Yes, yes… a thousand times yes. This is how Windows IOCTLs were designed to be used. See the description of METHOD_IN_DIRECT (which means the OutBuffer is used to send data TO the driver). METHOD_OUT_DIRECT means that you’re sending data FROM the driver, and optionally sending also sending data TO the driver.

with any of the “direct” methods there is no memory checking of any kind

@craig_howard … This is not correct. The whole “no parameter checking” thing applies ONLY TO METHOD_NEITHER IOCTLs.

If i recall correctly the IO manager locks the pages into physical memory so there is no risk of paged out user buffe

You are correct. And in so doing, the I/O Manager calls ProbeAndLockPages (with the AccessMode argument set to UserMode) which ensures the pages are in fact accessible by the caller.

Gosh… it would just be so much easier if MSFT decided to make a few selected modules from the I/O Manager available for reference.

Peter

1 Like

I have long thought those buffers should be called “first buffer” and “second buffer”, instead of “input” and “output”. That would eliminate the connotations that cause so much confusion.

I have long thought those buffers should be called

Exactly.

Standard line from my teaching our WDF seminar: “Ignore the names of these buffers. They should have been called BufferA and BufferB… but they didn’t ask me.”

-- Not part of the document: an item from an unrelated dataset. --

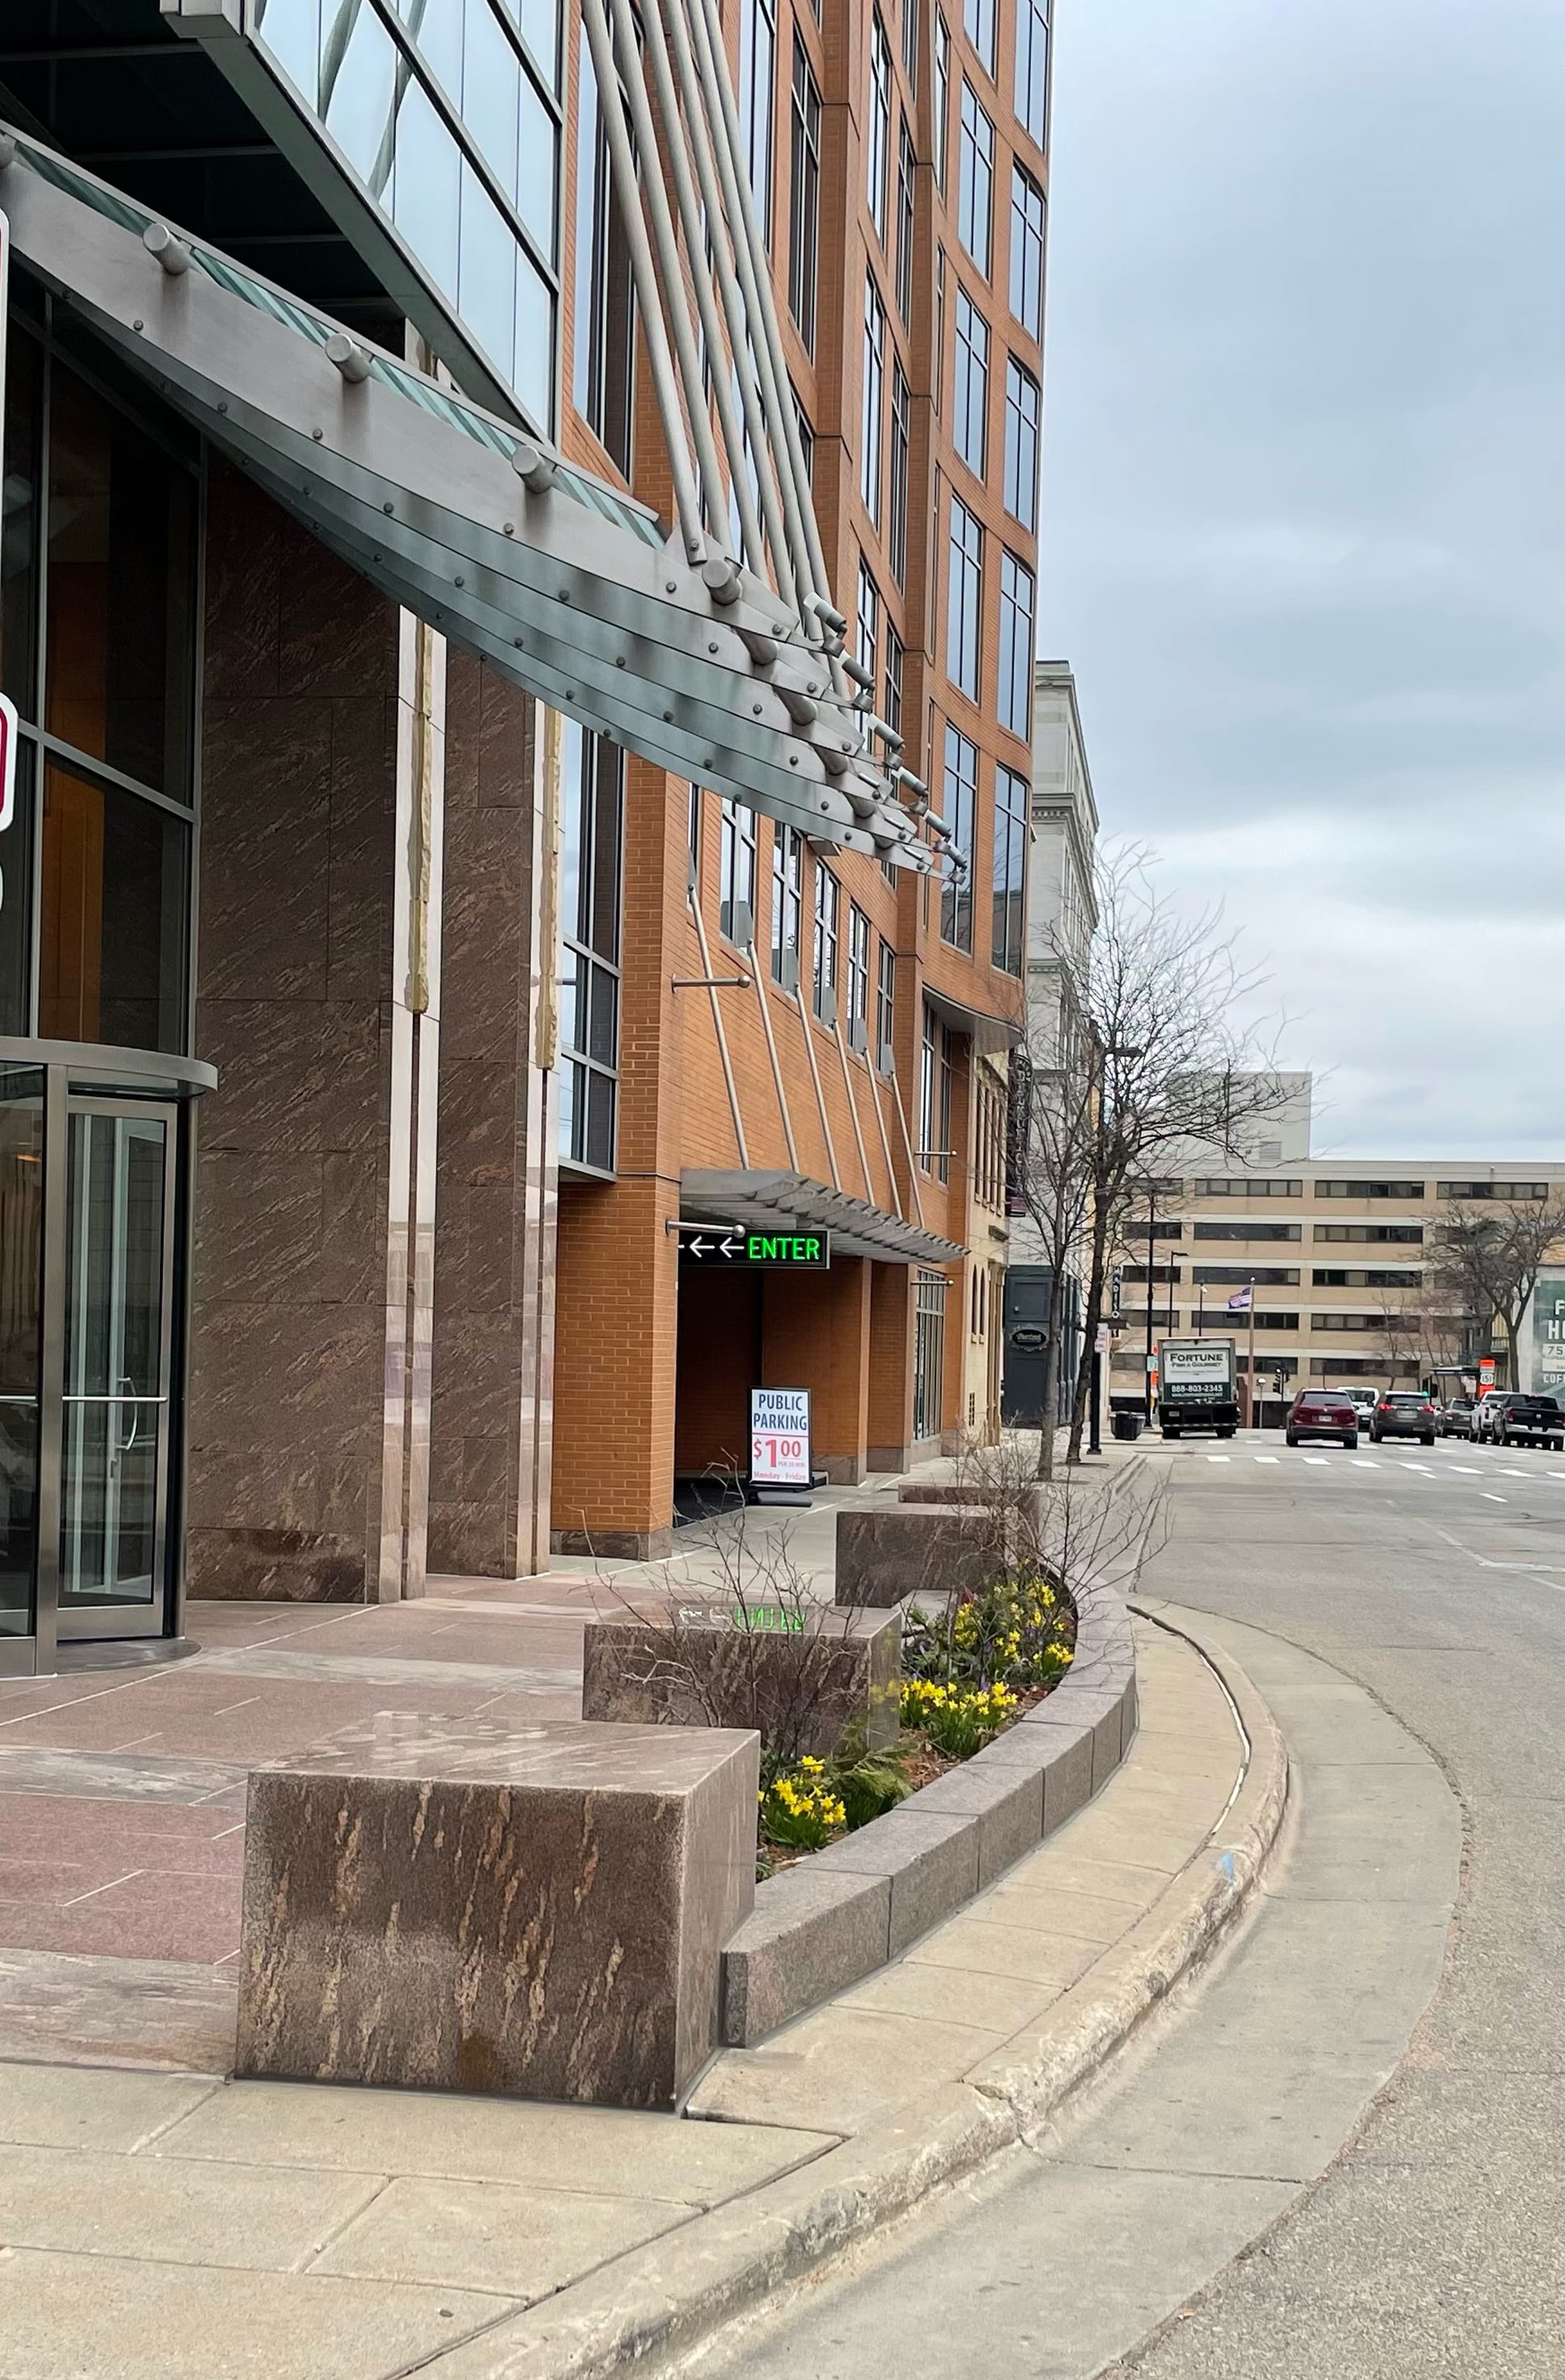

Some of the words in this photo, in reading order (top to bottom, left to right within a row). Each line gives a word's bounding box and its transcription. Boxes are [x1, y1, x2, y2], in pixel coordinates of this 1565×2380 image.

What’s worse is that this hideous terminology forced the adoption of the obscure naming convention into WDF (to avoid terminal confusion). So we have WdfRequestRetrieveInputBuffer (for the buffer accompanying a write) and WdfRequestRetrieveOutputBuffer (for a buffer accompanying a read). You haven’t lived until you’ve seen the faces on experienced devs when they first hear this.

The level ridiculousness is rivaled only by (a) The fact that METHOD_BUFFERED uses the same buffer for both buffers, (b) the fact that the InBuffer pointer is in Irp->AssociatedIrp.SystemBuffer… but this has nothing to do with Associated IRPs. Nothing at all. But, you know, “it had to go somewhere” – which is what the guy who decided where to put it told me when I asked him why in the world he chose that location.

Sorry… tangent.

Peter

The IO manager will give you a pinned and locked MDL of the buffer AT THAT INSTANT, but a femtosecond later something could change the underlying buffer the MDL points to and invalidate it (such as the process being torn down due to the OS terminating it or the user terminating it) and if you access it after that then BSOD.

That, sir, is also grossly incorrect.

Consider, if you will, that even if the process gets torn down, it can’t exit cleanly until the IRP has completed, and the pages once locked will have their reference counts incremented in the PFN. In short, once locked, those pages aren’t going anywhere. Direct I/O… is entirely reliable. As it better be, considering is the method used throughout the storage stack.

Mr. @craig_howard …. While I applaud your desire to help your colleagues here, you might consider taking a step back to reinforce your Windows architectural knowledge before offering too much more assistance on topics where you don’t have definitive knowledge and personal experience.

Peter

So we have WdfRequestRetrieveInputBuffer (for the buffer accompanying a write) and WdfRequestRetrieveOutputBuffer (for a buffer accompanying a read).

Well, for me it makes sense. It is matter of perspective. From your point of view data you’re going to write for caller are in your input buffer and data you read for caller you’re going to put to your output buffer. Am I missing something?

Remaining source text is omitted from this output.